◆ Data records

################

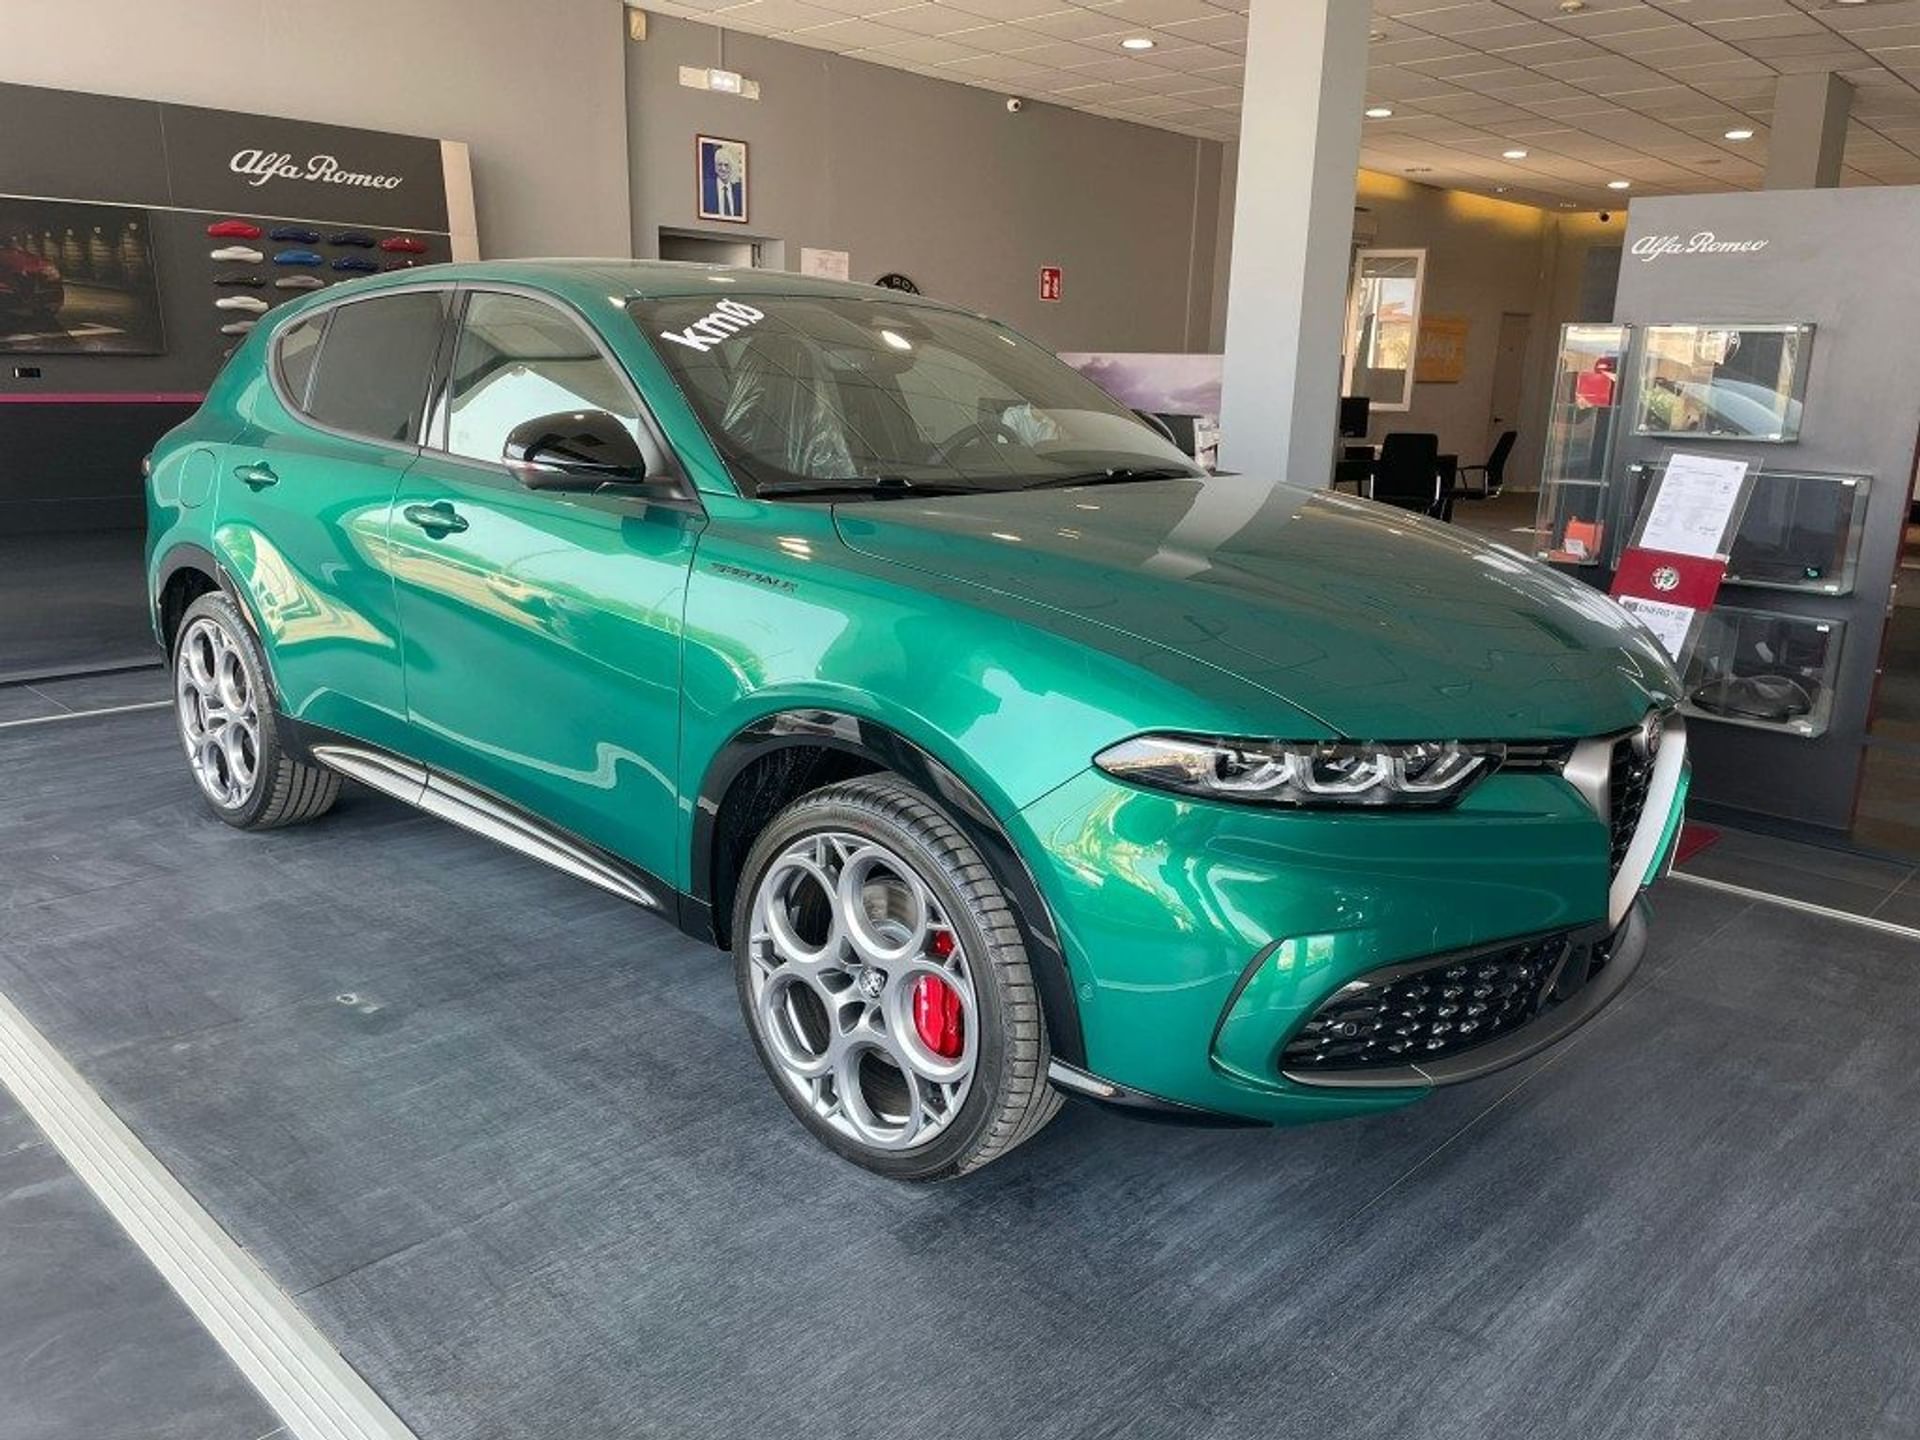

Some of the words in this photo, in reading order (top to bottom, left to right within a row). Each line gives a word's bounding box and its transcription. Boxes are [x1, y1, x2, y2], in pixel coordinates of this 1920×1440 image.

[230, 149, 303, 186] Alfa
[304, 155, 402, 189] Romeo
[1631, 235, 1683, 262] Alfa
[1685, 231, 1768, 254] Romeo
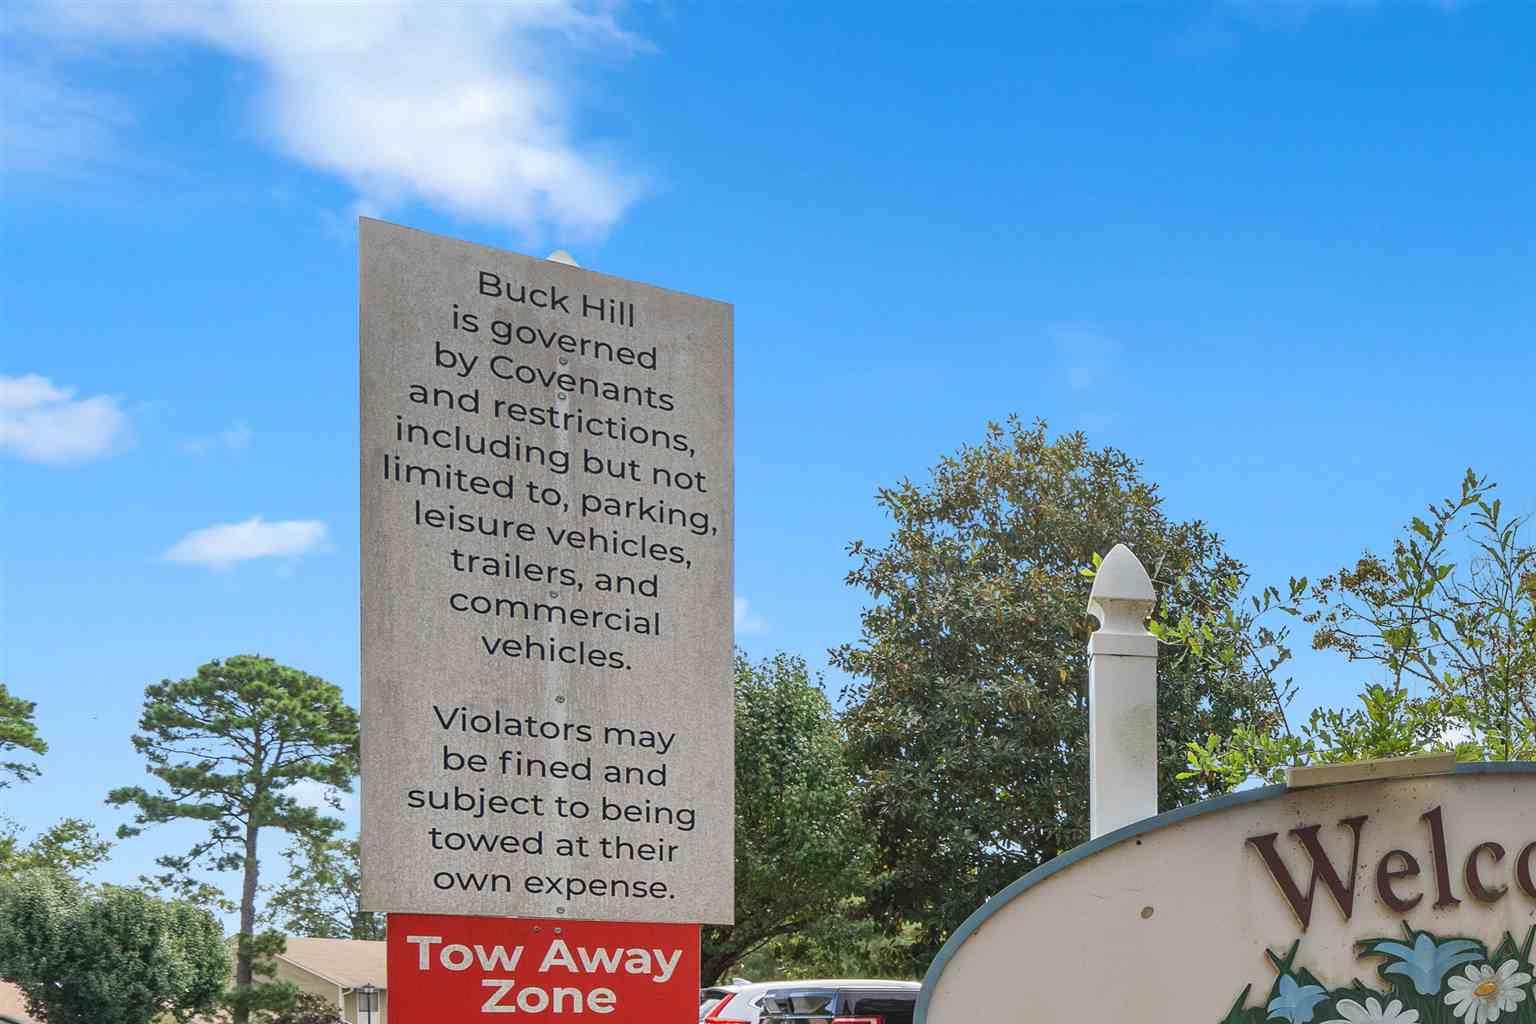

################

◆ Work instruction
Output the lines above in full and exactly. Leave out every picture.

◆ Solution to this task
Some of the words in this photo, in reading order (top to bottom, left to right within a row). Each line gives a word's bounding box and its transcription. Boxes are [x1, y1, x2, y2], in pixel coordinates of this 1920×1440 image.

[230, 149, 303, 186] Alfa
[304, 155, 402, 189] Romeo
[1631, 235, 1683, 262] Alfa
[1685, 231, 1768, 254] Romeo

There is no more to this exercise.